● Task brief
Leave out the pictures and output the data verbatim.

● Information shown
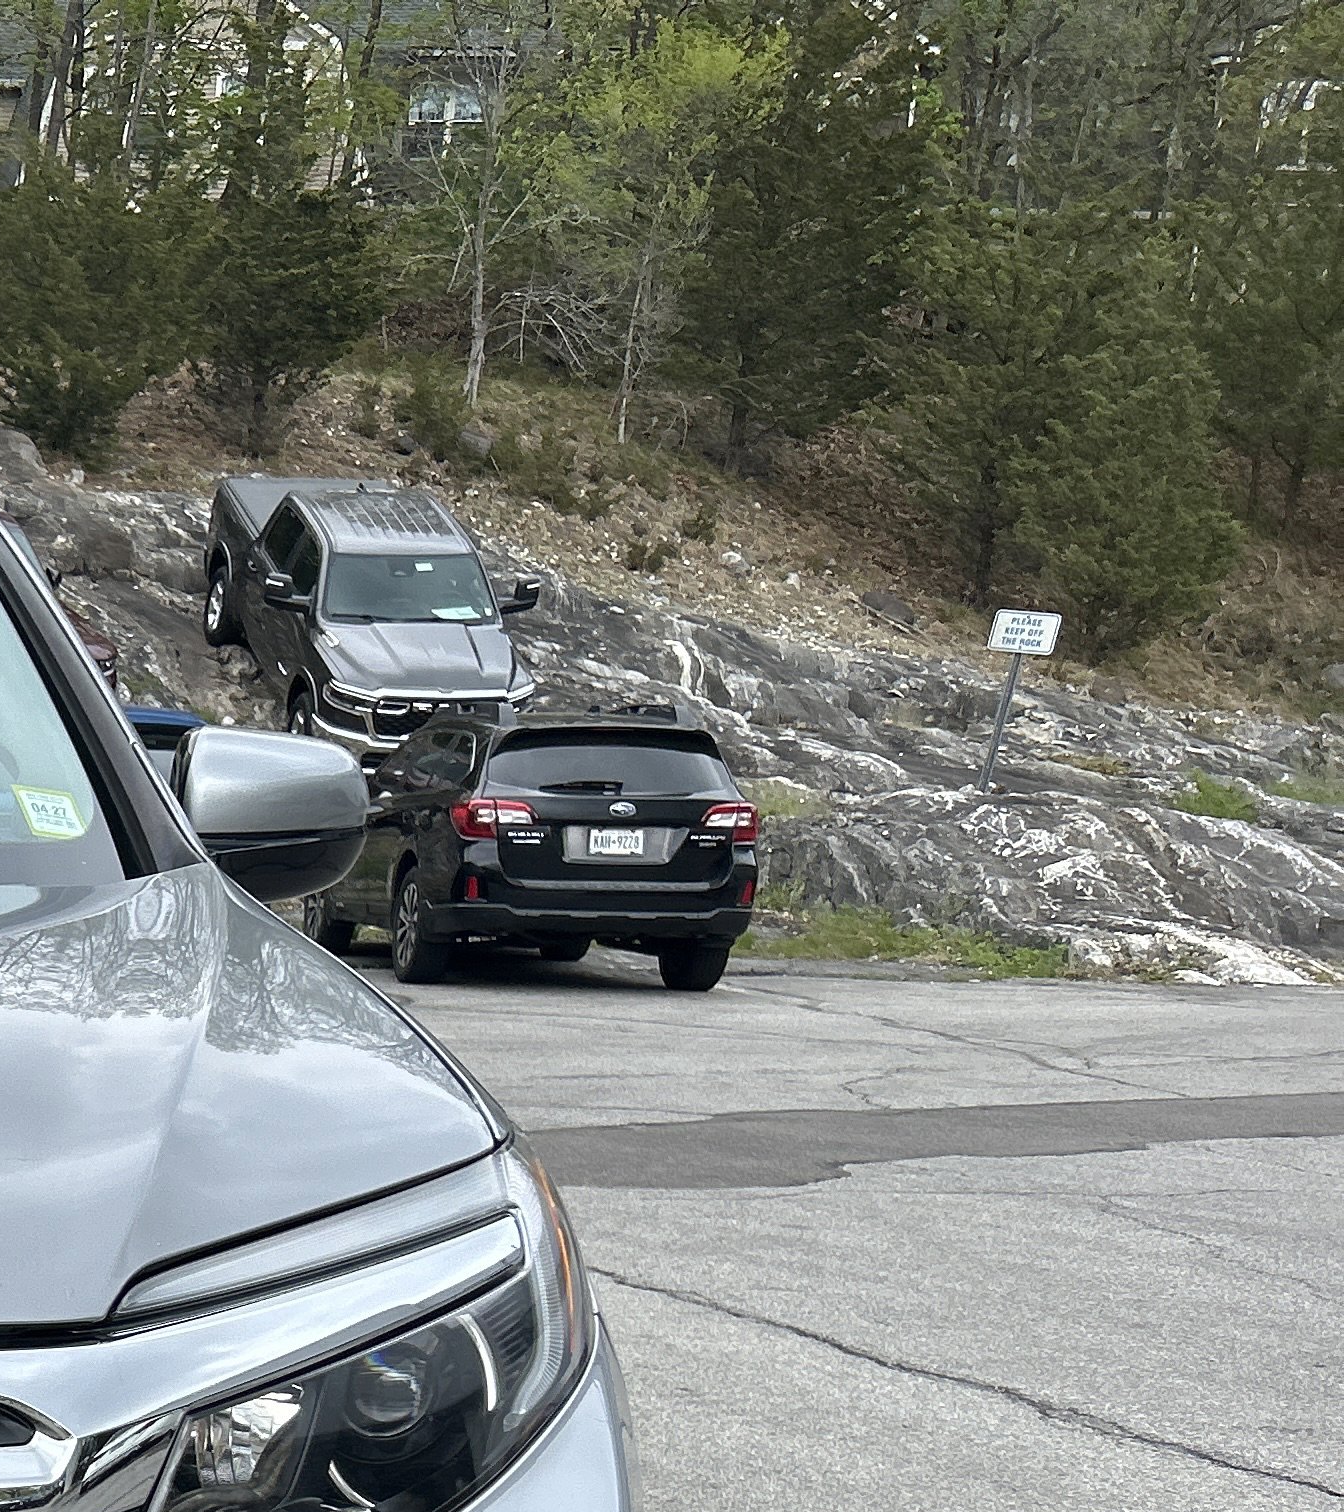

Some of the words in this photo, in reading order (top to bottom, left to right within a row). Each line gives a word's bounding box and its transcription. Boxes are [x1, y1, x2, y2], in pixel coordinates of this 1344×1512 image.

[1011, 617, 1042, 627] PLEASE
[1004, 627, 1025, 635] KEEP
[1027, 629, 1044, 637] OFF
[1001, 636, 1017, 645] THE
[1019, 638, 1042, 647] ROCK
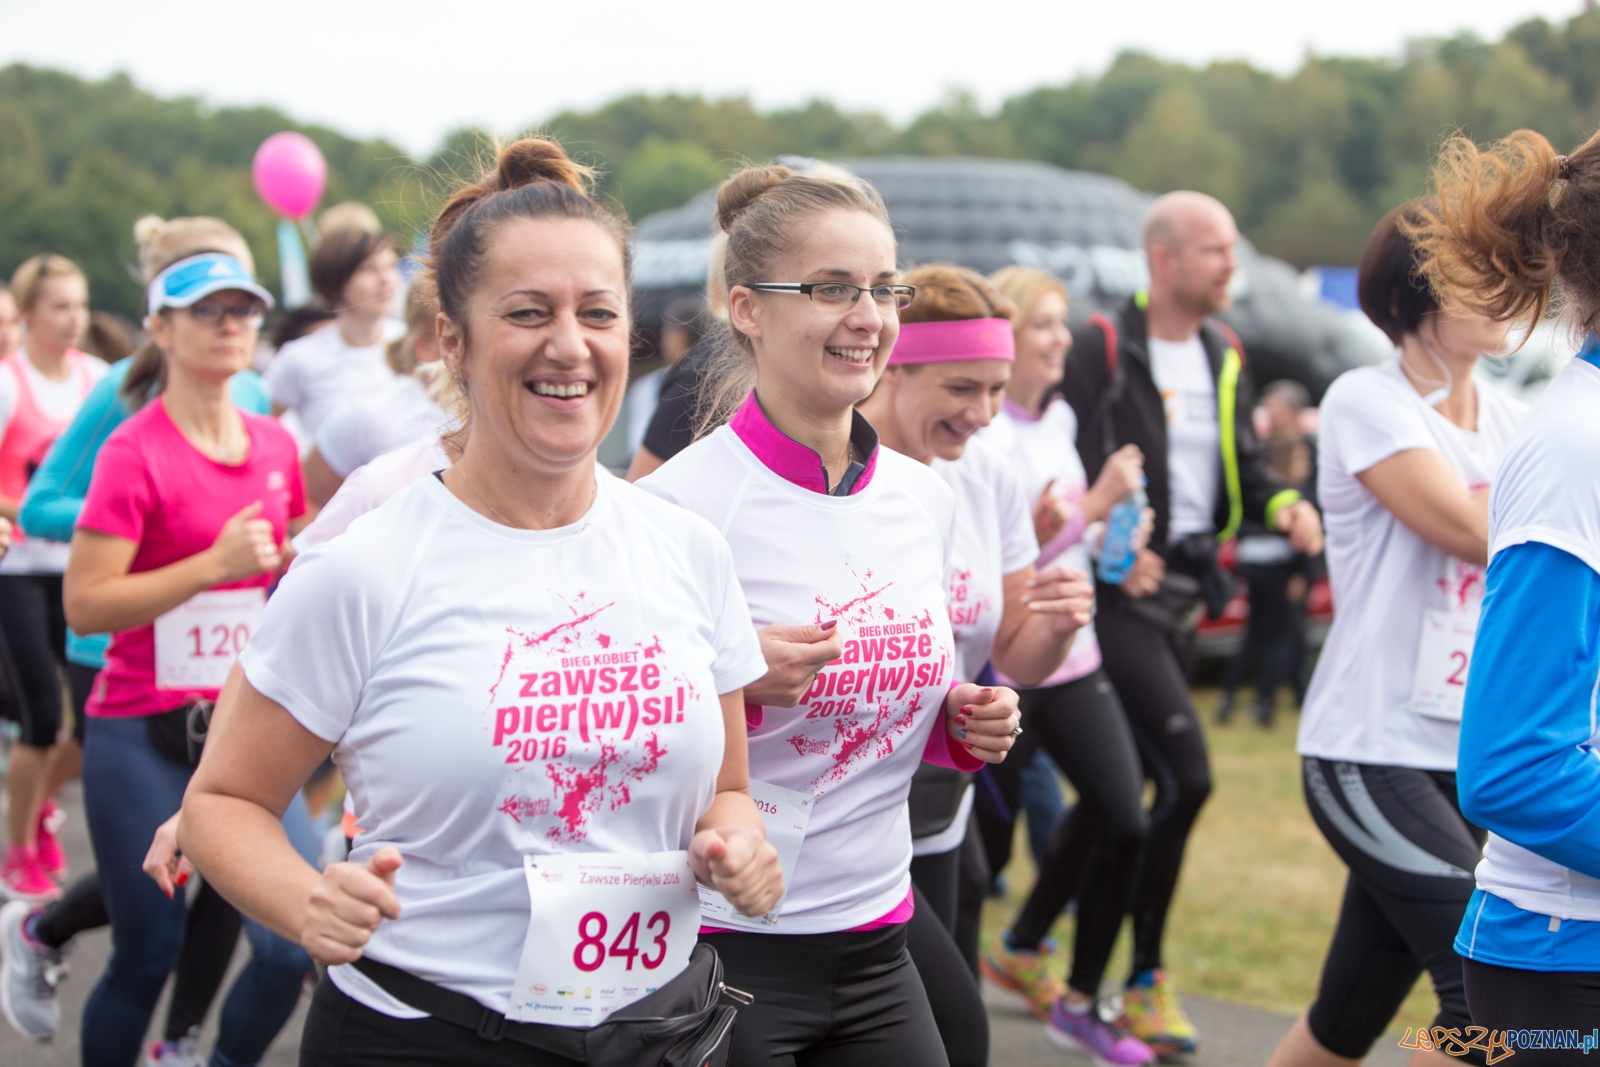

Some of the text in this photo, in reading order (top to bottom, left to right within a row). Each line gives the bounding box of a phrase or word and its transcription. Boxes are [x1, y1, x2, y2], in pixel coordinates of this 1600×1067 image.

[859, 623, 916, 638] BIEG KOBIET
[561, 651, 638, 668] BIEG KOBIET
[519, 663, 661, 698] zawsze
[805, 698, 857, 719] 2016
[504, 736, 567, 764] 2016
[579, 872, 620, 885] Zawsze
[662, 872, 681, 885] 2016
[573, 910, 671, 973] 843
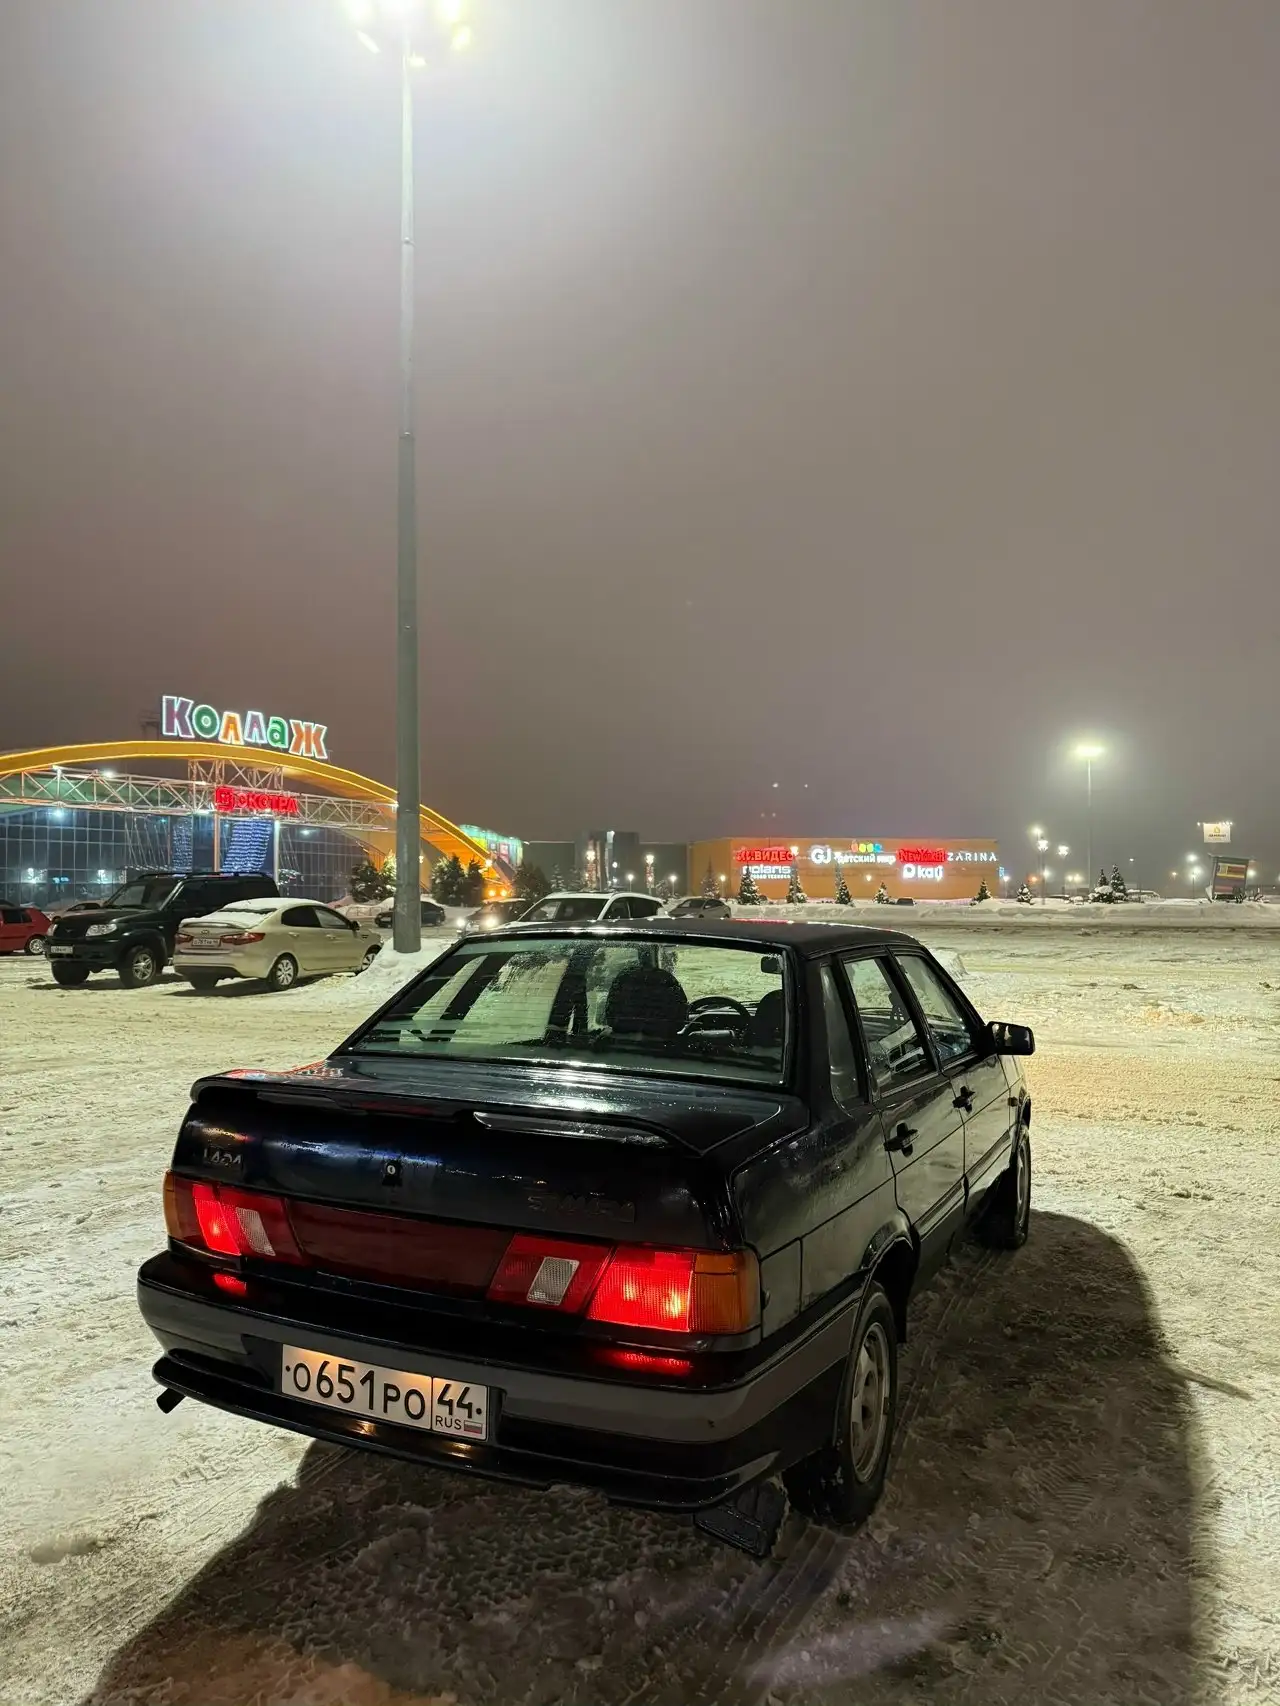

● Solved problem
Some of the words in this photo, in reading order (top to bottom, left to right within a row). Each line gives a word's bounding box and its transcription. Boxes are [x1, y1, x2, y2], in pixel coordinates of this 1344×1512 image.

[1011, 617, 1042, 627] PLEASE
[1004, 627, 1025, 635] KEEP
[1027, 629, 1044, 637] OFF
[1001, 636, 1017, 645] THE
[1019, 638, 1042, 647] ROCK

Some of the text in this photo, in reading order (top to bottom, left to right within a row). Each line gives the bounding box of a phrase or word and its transcription. Boxes are [x1, y1, x2, y2], in pixel coordinates of this 1600×1067 image.

[859, 623, 916, 638] BIEG KOBIET
[561, 651, 638, 668] BIEG KOBIET
[519, 663, 661, 698] zawsze
[805, 698, 857, 719] 2016
[504, 736, 567, 764] 2016
[579, 872, 620, 885] Zawsze
[662, 872, 681, 885] 2016
[573, 910, 671, 973] 843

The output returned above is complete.